I have GCSE students who wouldn’t know where to start on those questions, yet my Year 8 with their ‘have a go’ attitude were absolutely awesome. I’m definitely using this method again!

342. Revision jotters

With the exams looming large, I thought I’d share how my class have been revising. To give you some context roughly a third of the class are doing Foundation GCSE, aiming for at least a Grade 4. The rest are doing Higher and aiming for a Grade 5 or better. We have three, one hour, lessons a week. I’m rotating between doing an exam paper, a whole class revision activity (eg a revision clock) and tiered revision.

I know if I tell the students to revise independently the results are going to be mixed. Some will be brilliant, some will be more laid back. To resolve this I pick a topic (or two) from each tier that I know they need to improve on from or that they have requested. It’s helpful if there is a theme to the work. I’ve recently done things like y=mx+c (F) with plotting inequalities (H).

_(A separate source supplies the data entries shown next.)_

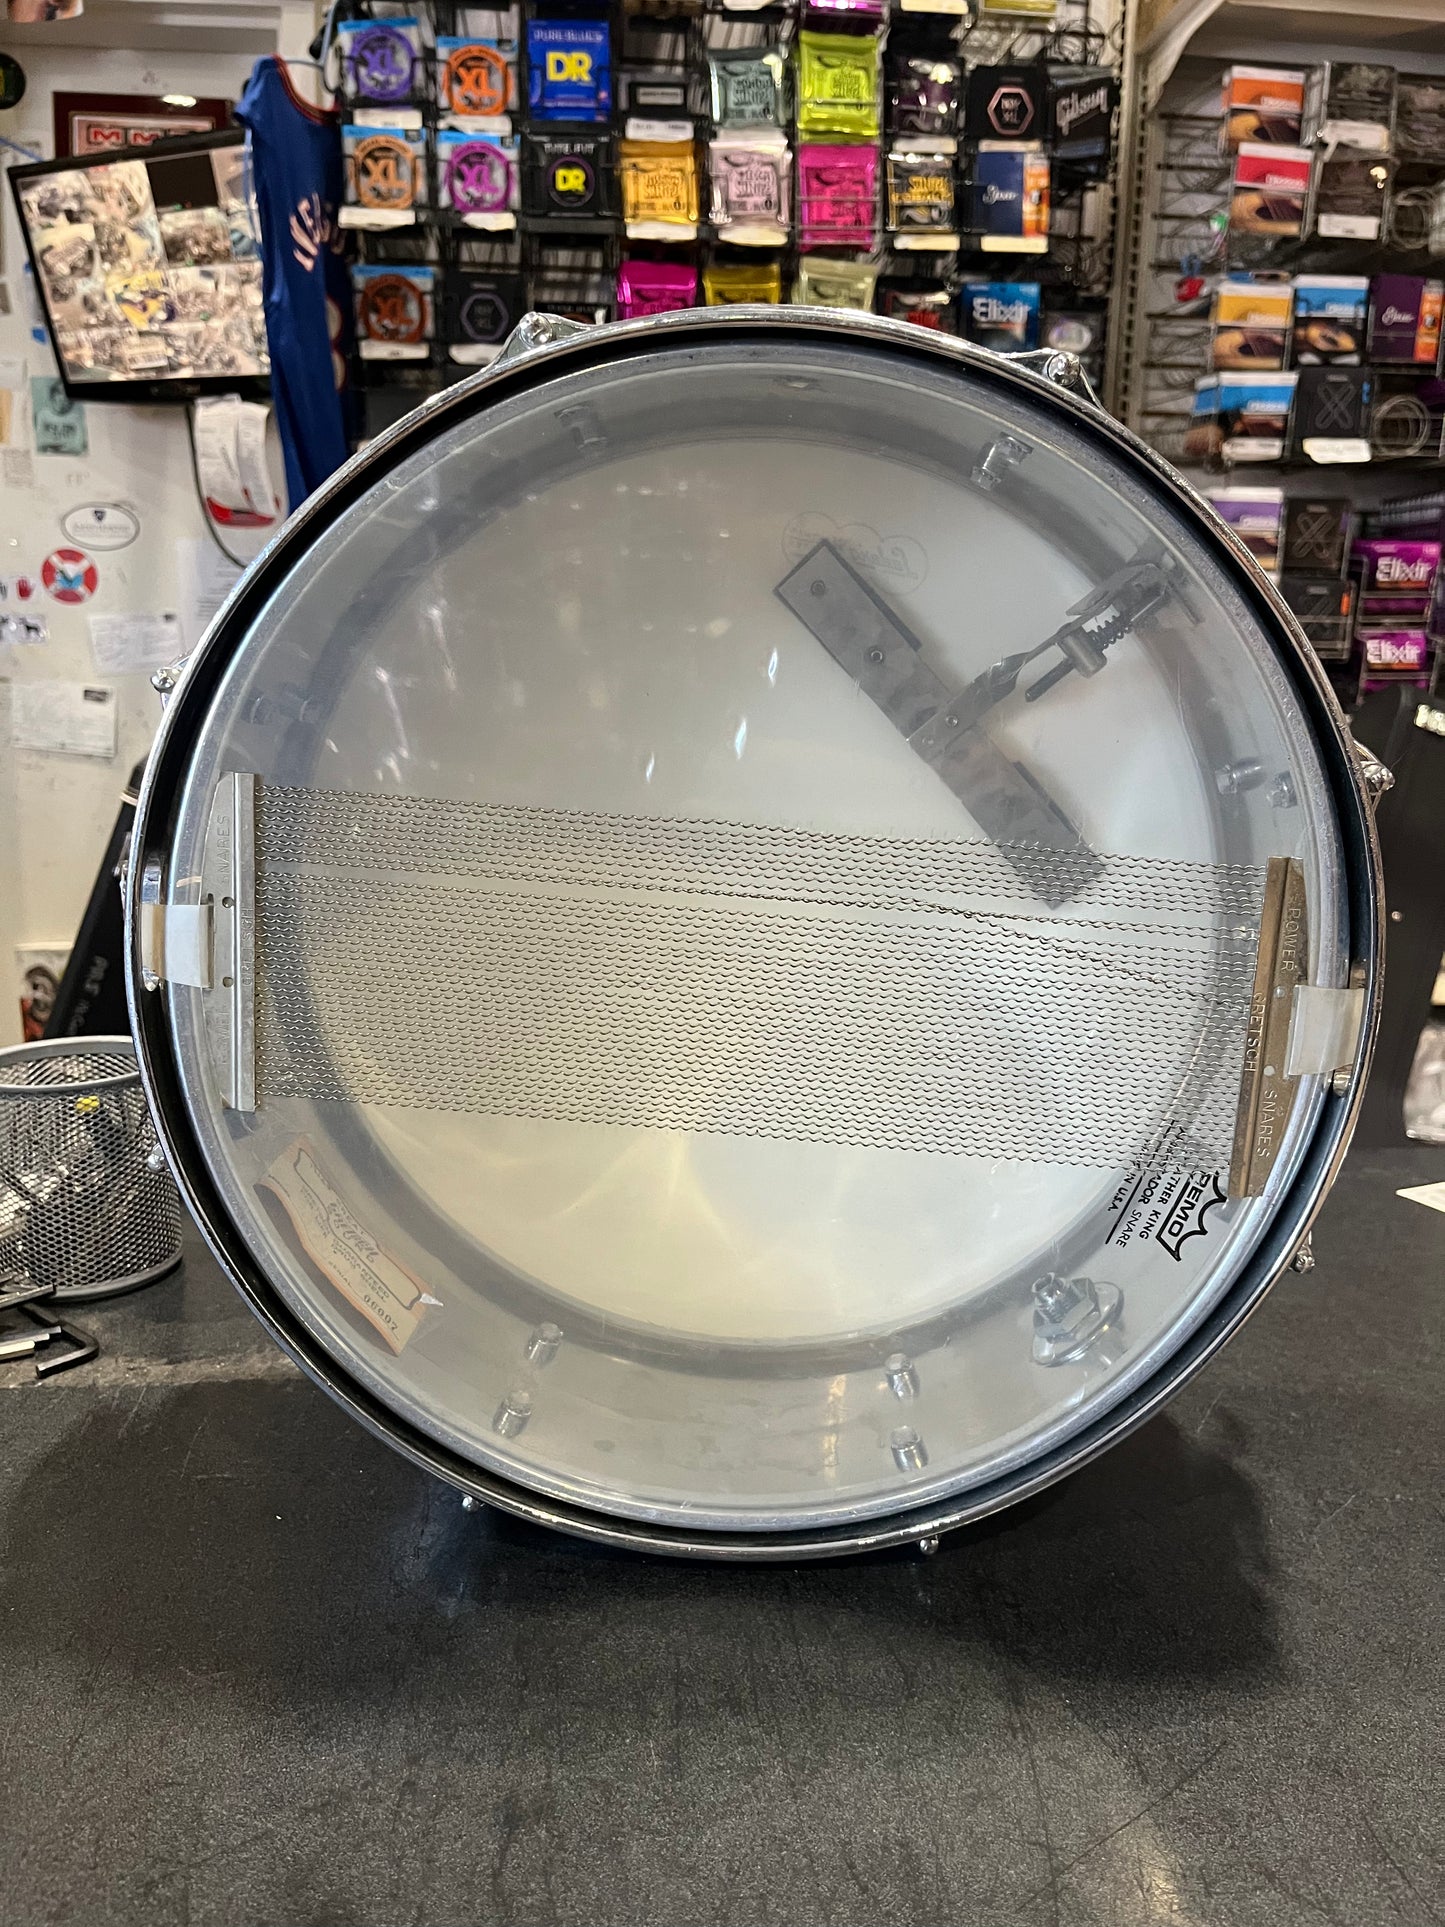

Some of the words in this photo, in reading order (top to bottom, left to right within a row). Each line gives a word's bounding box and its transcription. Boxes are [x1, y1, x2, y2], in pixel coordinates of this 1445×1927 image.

[457, 66, 498, 97] XL
[546, 51, 592, 82] DR
[1056, 87, 1108, 136] Gibson
[364, 157, 407, 189] XL
[460, 164, 499, 195] XL
[555, 167, 587, 194] DR
[972, 296, 1032, 323] Elixir
[1376, 556, 1432, 582] Elixir
[1366, 638, 1420, 664] Elixir
[1281, 907, 1301, 973] POWER
[1244, 991, 1267, 1073] GRETSCH
[1257, 1089, 1278, 1158] SNARES
[1124, 1171, 1137, 1184] IN
[1107, 1186, 1129, 1211] U.S.A.
[1116, 1209, 1142, 1248] SNARE
[1139, 1209, 1162, 1240] KING

Now the genius part: PixiMaths revision jotters

How to run the session

Photocopy a big stack of revision jotters. If you are doing black and white copying, use the b&w version. We requested the b&w version and, because PixiMaths is awesome, it is now on the website.

Clearly put on the board which topic each tier is revising

Eg Foundation: exact trig values, Higher: trig graphs

Give students 5-10 minutes to fill their revision jotters with everything they know. Have textbooks or maths dictionaries available to fill in the gaps. You may find that Higher students want to do the Foundation topic too – no problem, just make sure they have two jotters. Due to the complexity of the Higher topic, they will need more time to make initial notes.

My students are allowed headphones in revision sessions. At this point it’s headphones in for Higher and out for Foundation.

Do a skills recap on the board (exact trig values), with maybe an exam question too. Students can ask questions on the topic and add to their jotter. Then have a worksheet for students to do eg Corbett Maths or KeshMaths GCSE exam questions booklets. They can refer to their revision jotter or scan the Corbett Maths QR code for extra help.

Swap over. Headphones in for Foundation and out for Higher.

Repeat the process for Higher, with drawing trigonometric graphs. Issue an appropriate worksheet.

Once you’re done, make a judgement call. Are there students who could push it further? Maybe transform a trig graph or problem solve? Go for it. Foundation are busy, Higher are busy, spend some time stretching your most able. Every mark counts.

A huge thank you to PixiMaths for the revision jotters (and everything else).

Examples of students’ work

Shared with permission of students. You can see that they have personalised them to meet their needs and some are a work in progress. Also, the b&w jotter photocopies so nicely.